PMR and DLA Benefit

Chisnal 1944

Attendance Allowance is a tax-free benefit for people aged 65 or over who have an illness or disability and need help with personal care.

Google 'attendance allowance - UK'

DLA can be problematic - did you try for the above.

mrs K

Hi Mrs K.

Thanks so much for taking the time to reply. I am a 54 old lady so maybe I dont qualify for Attendance Allowance.

Its just so frustrating that no one seems to realise how painful this illness really is, even my partner seems to think I am moaning alot, maybe because every now and then we get relief from the pain by bumping up the steroids, people dont understand why one day I am all smiles and the next down in the dumps. What with the weight gain and tiredness, its driving me mad. Oh well I have had my moan lol. Good job we are a tough lot :lol:

Just thought I would say I know how you are feeling !! People dont realise that you have anything wrong with you !! The tiredness is strange not connected with having done lots of physical work but just washes over you complete exhaustion sometimes This is my second bout of polymyalgia and I remember the first time around I was so tired in the supermarket I thought if I dont go home I will lie down on the floor here and now and go to sleep !! I was 54 when I had it first time and had been very active so it does come hard I had 2yrs on steroids then 3 years free of it and back for the last 5mths I am at present trying to get down from 7.5 without success I feel fine on that but when I tried to go to alternate 7.5 and 5 it doesent work so more blood tests in a week and a bit more stabilisation I think Ive checked back to last time and it was 7 months before I was on 5mg so Im only 5 months down the line so Im trying to cheer myself up with that !! I am glad I have found this forum this time as it does help knowing that others feel the same

Thanks for that Mrs G. That must be gutting when you are eventually free from it only for it to return. Your first thoughts must be that you have to go through the whole pain barrier thing again. I got down to 7.5mg but was in alot of pain throughout my body. I thought I would play crafty and see if the pain would burn its self out. After a month I decided I'd had enough so went back up to 20mg (doctors orders) and suppose to reduce 2.5 every so often. Think I will have to go back to docs this week, for some reason I have been taking 20mg now for 5 days and the pain isn't getting any easier. Do you have many blood tests? I was diagnosed a year ago and had a blood test when diagnosed and only 1 since around 6 months ago.

Chisnal-1944 and Mrs G

Google pmr-gca and then click on the Tayside website.

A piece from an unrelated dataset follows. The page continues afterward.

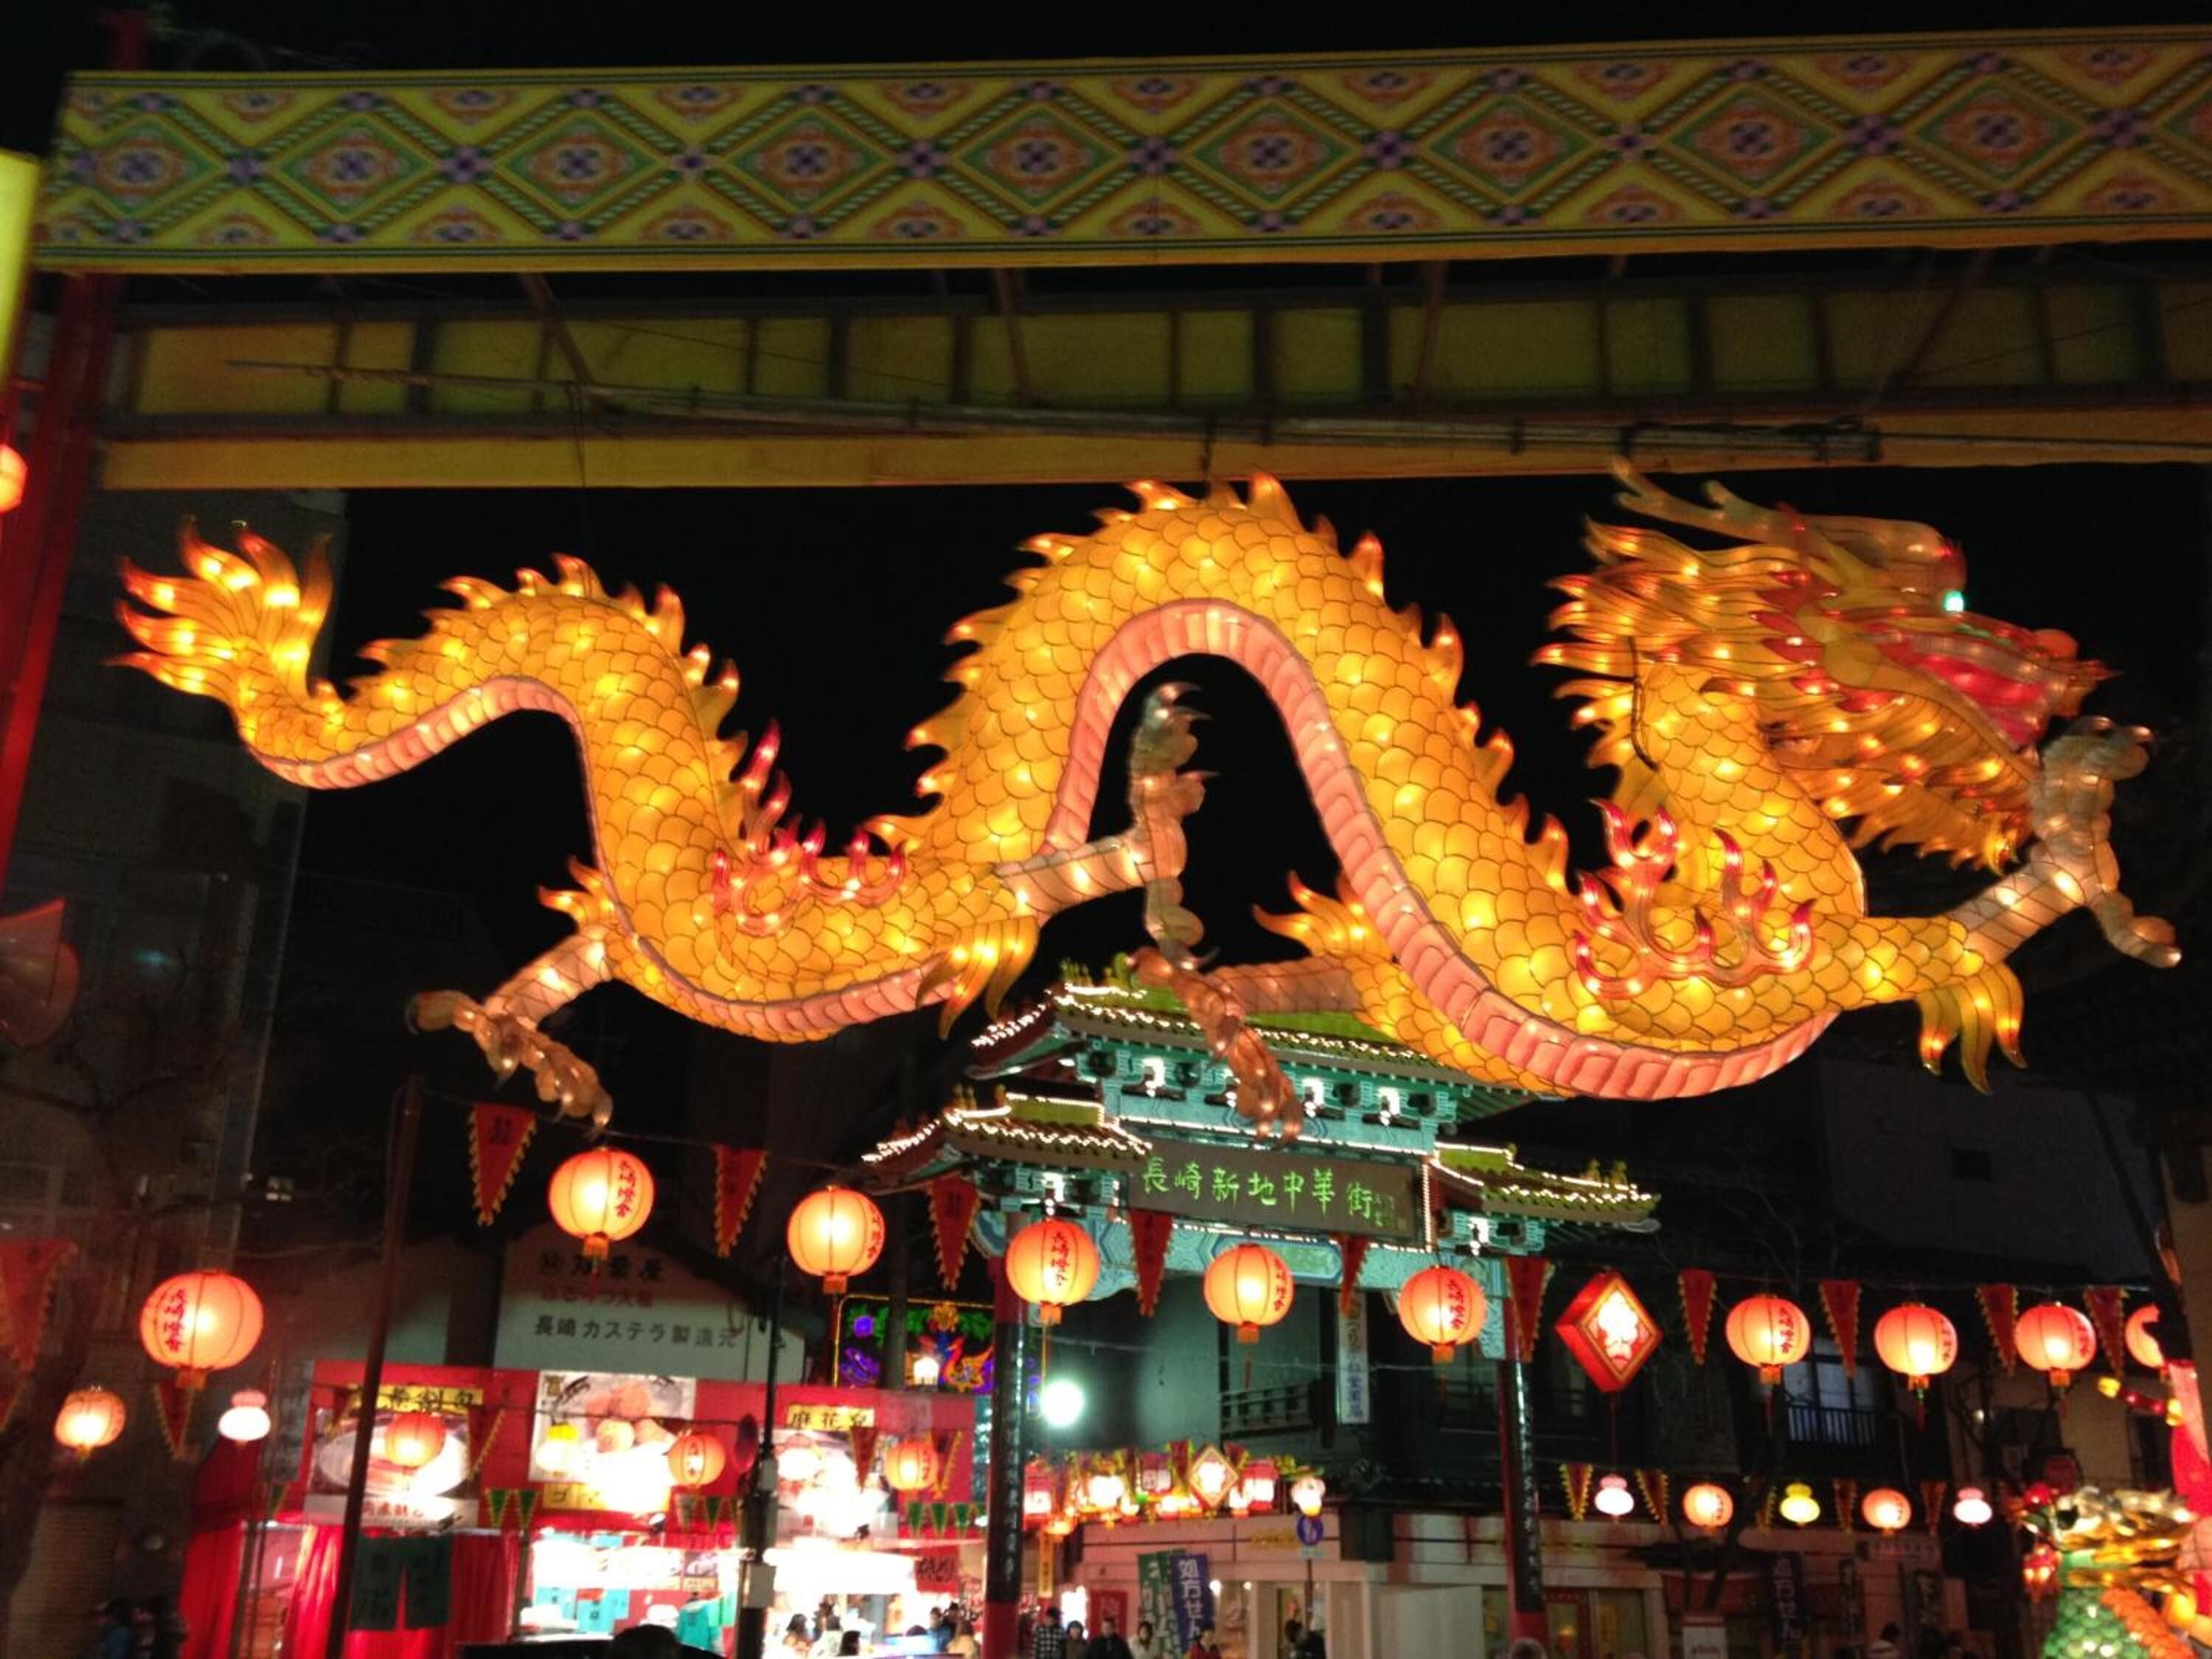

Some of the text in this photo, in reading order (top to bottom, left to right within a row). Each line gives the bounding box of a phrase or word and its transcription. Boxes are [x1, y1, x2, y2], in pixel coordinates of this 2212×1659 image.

[1143, 1155, 1373, 1219] 長崎新地中華街
[534, 1315, 737, 1348] 長崎カステラ製造元

Read it and then email any of the addresses shewn there for more information.

for some reason this site won't let me log in and I cannot give you the email address unless I am logged in.

mrs K

Chisnal I was very concerned at your lack of blood tests !! My Doctor gives me monthly blood tests at present and I think the longest gap I had was 3 monthly in my previous bout but that was when I was on a maintenance dose of 1 or 2 mg I also dont let pain take over I allow a maximum of a week with plenty of rest and if Im still feeling bad I up the dose slightly as I feel you go back to square one otherwise Feel better already today so hoping my blood tests will be good next week Good Luck !!

Mrs K & Mrs G thanks for that information, I have been on the webside and requested information be sent to me. I didn't know what GSA was but I have read something on that website that has now made me make an appointment to see my GP. I have been suffering headaches and my jaw feels like I have neuralgia which apparantly are symptoms of GSA

Do any of you have this condition as well as PMR? Mrs G, you say you up the dose of steriods when you need to, do you do this yourself or do you visit your GP everytime you need to adjust?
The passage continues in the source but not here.